Es sorprendente que la exhibición de tristeza –y otras emociones chungas– de Broder haya puesto el dedo en la llaga en un mundo donde los perfiles de la gente en redes sociales están construidos de forma inmaculada para mostrar nuestros yoes más felices. Pero las tasas crecientes de depresión a nivel mundial muestran claramente que nos cuesta ser felices. ¿Estamos haciendo algo mal? La popularidad de Broder debería obligarnos a mirar de nuevo la tristeza y sus primos hermanos. Quizá podríamos considerar alinearnos con los románticos, que como grupo encontraron consuelo expresando libremente sus emociones en la poesía.

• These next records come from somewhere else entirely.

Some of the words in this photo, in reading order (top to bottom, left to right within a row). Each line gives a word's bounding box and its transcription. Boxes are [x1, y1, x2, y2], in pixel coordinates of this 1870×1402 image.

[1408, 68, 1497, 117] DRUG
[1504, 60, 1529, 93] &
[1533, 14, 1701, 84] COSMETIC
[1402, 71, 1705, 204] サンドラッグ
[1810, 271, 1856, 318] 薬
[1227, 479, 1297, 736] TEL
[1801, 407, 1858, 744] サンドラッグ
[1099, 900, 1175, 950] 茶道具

En su “Oda a la melancolía” (1820), por ejemplo, John Keats escribió: “Pues en el mismo templo del Placer, / tiene su soberano numen Melancolía.” Dolor y felicidad son las dos caras de la misma moneda: ambas son necesarias para una vida vivida plenamente.
Keats quizá tenía aquí en mente a Robert Burton, el sacerdote del siglo XVIII, que en su voluminosa obra La anatomía de la melancolía (1621) describía que la tristeza se nos puede ir de la mano (algo que se ha descrito como depresión clínica) y explicaba cómo lidiar con ella. O varios libros de autoayuda del siglo XVI, que, según Tiffany Watt Smith, una investigadora del Centro para la Historia de las Emociones en la Universidad Queen Mary de Londres, “intentan motivar la tristeza en los lectores dándoles listas de razones para estar decepcionados”. ¿El camino hacia la verdadera felicidad pasa por la tristeza?

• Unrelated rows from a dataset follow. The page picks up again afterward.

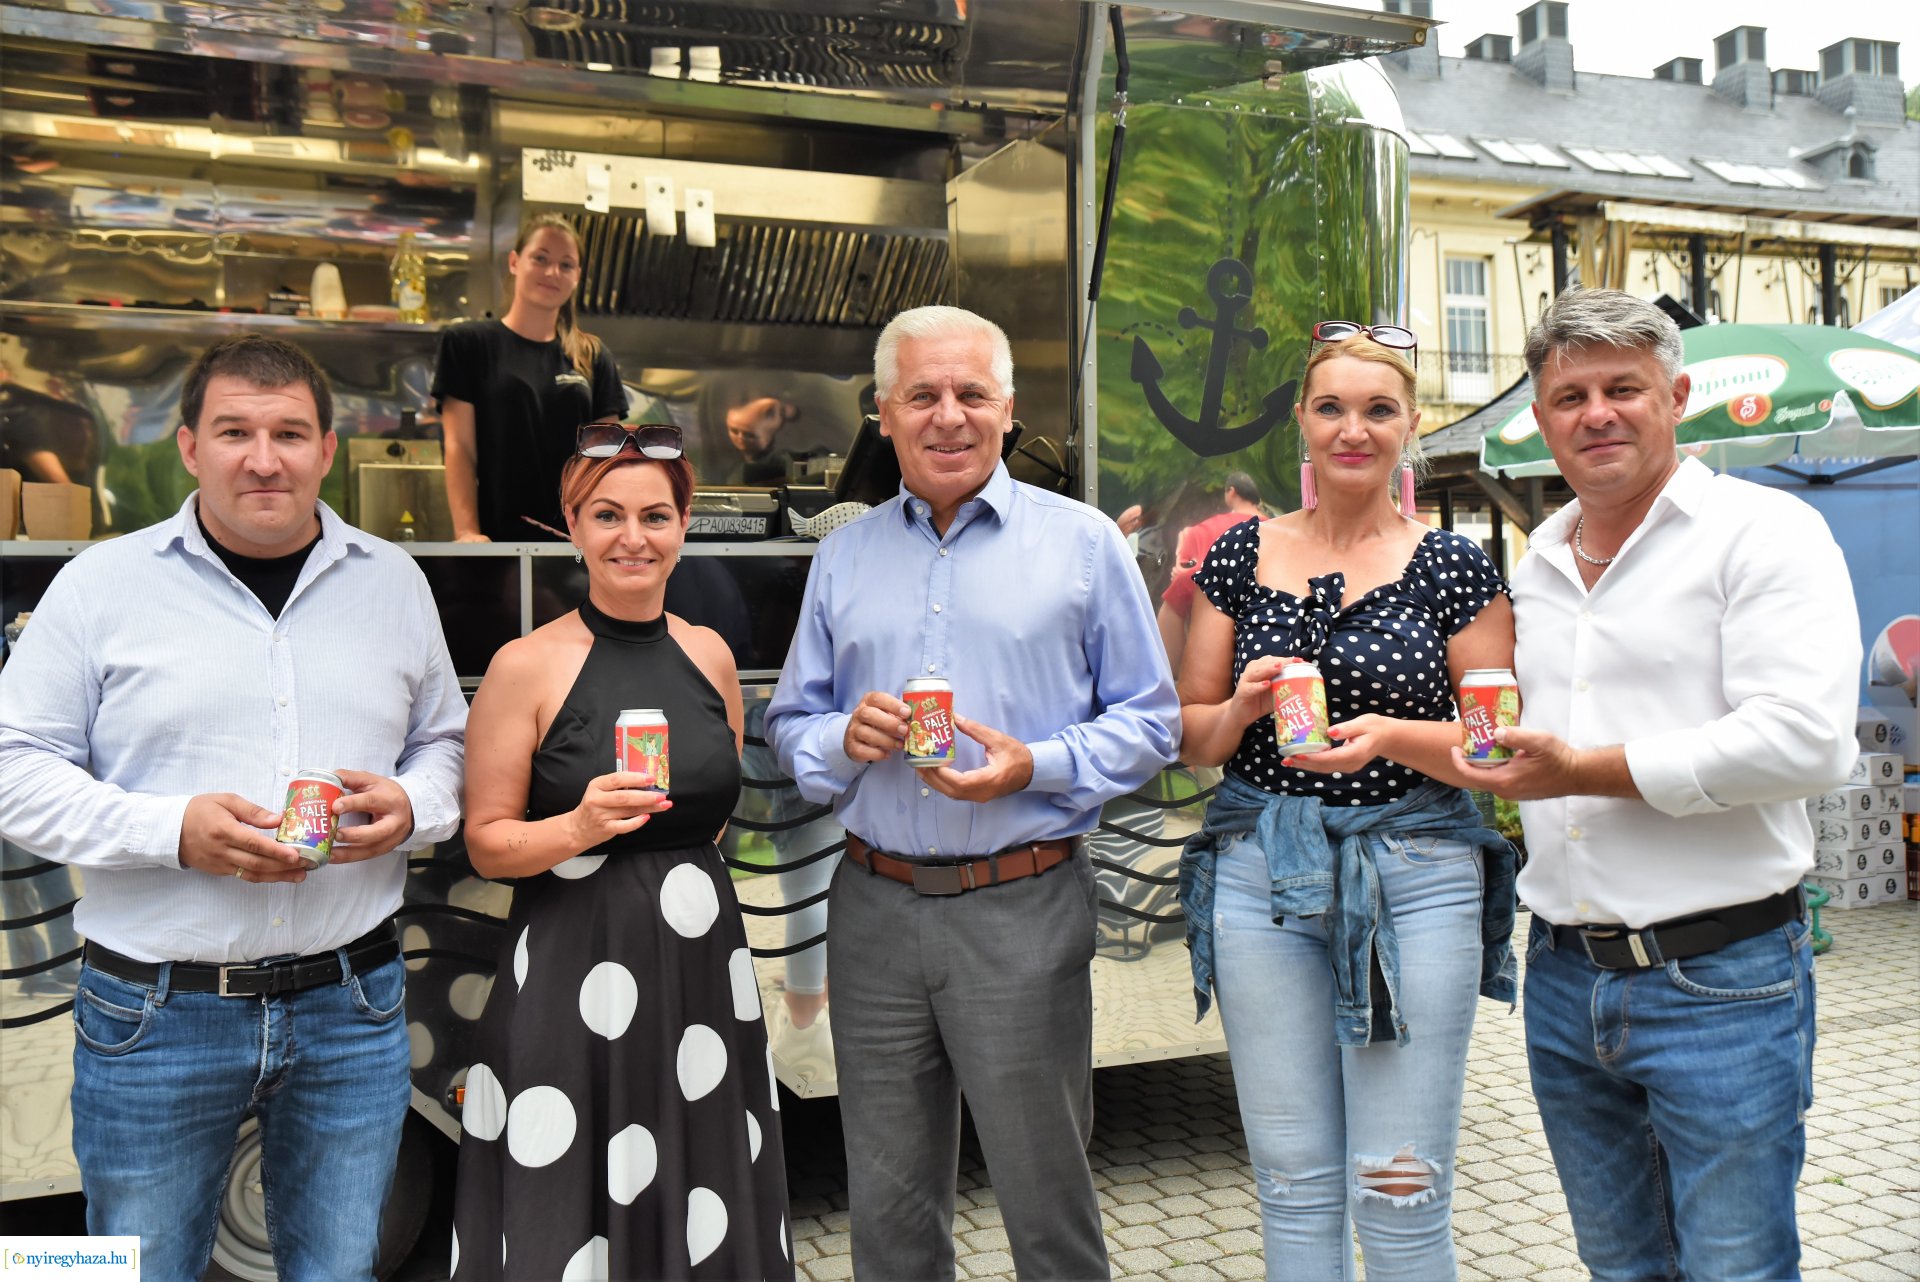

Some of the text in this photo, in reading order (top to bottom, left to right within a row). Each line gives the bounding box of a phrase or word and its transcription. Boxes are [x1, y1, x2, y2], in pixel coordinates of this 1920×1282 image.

[1690, 369, 1771, 395] oproni
[1280, 698, 1306, 719] PALE
[924, 712, 948, 731] PALE
[1287, 710, 1313, 733] ALE
[1465, 709, 1490, 729] PALE
[931, 725, 952, 745] ALE
[1470, 723, 1494, 745] ALE
[301, 803, 328, 818] PALE
[303, 818, 328, 834] ALE

Investigaciones recientes sugieren que experimentar sentimientos no muy felices promueve el bienestar psicológico. Un estudio publicado en la revista académica Emotion en 2016 escogió 365 participantes entre 14 y 88 años. Se les dio un smartphone y durante tres semanas tenían que responder seis tests diarios sobre su salud emocional. Los investigadores comprobaron sus sentimientos, negativos o positivos, y cómo percibían su salud física en un momento dado. Antes de estas tres semanas, los participantes habían sido entrevistados sobre su salud emocional (hasta el punto de irritarles o provocarles ansiedad; la idea era ver cómo percibían los estados de ánimo negativos), su salud física y sus hábitos de integración social (¿tenían relaciones sólidas con la gente de su entorno?). Cuando terminaron con los tests del smartphone, les preguntaron sobre la satisfacción de su vida.
El equipo encontró que el vínculo entre los estados mentales negativos y una salud emocional y física pobre era más débil en los individuos que consideraban que los estados de ánimo negativos eran útiles. De hecho, los estados de ánimo negativos correlacionaban con una baja satisfacción con la vida solo en la gente que no consideraba que los sentimientos adversos fueran útiles o agradables.
Estos resultados encajan con la experiencia de los médicos. “A menudo no es la respuesta inicial a una situación (la emoción primaria) lo problemático, sino su reacción a esa respuesta (la emoción secundaria) lo que resulta más difícil”, dice Sophie Lazarus, una psicóloga del Centro Médico Wexner de la Universidad Estatal de Ohio. “A menudo se nos dice que no deberíamos tener emociones negativas, así que la gente está muy condicionada y quiere cambiar o eliminar esas emociones, lo que conduce a la supresión, la obsesión o la abstinencia.”
Según Brock Bastian, autor de The other side of happiness: embracing a more fearless approach to living (2018) y psicólogo en la Universidad de Melbourne en Australia, el problema es en parte cultural: una persona que vive en un país occidental tiene entre cuatro y diez probabilidades más de experimentar depresión clínica o ansiedad que un individuo de una cultura oriental. En China y Japón tanto las emociones negativas como las positivas se consideran una parte esencial de la vida. La tristeza no es un obstáculo para experimentar emociones positivas y –al contrario que en las sociedades occidentales– no hay una presión constante para estar contento.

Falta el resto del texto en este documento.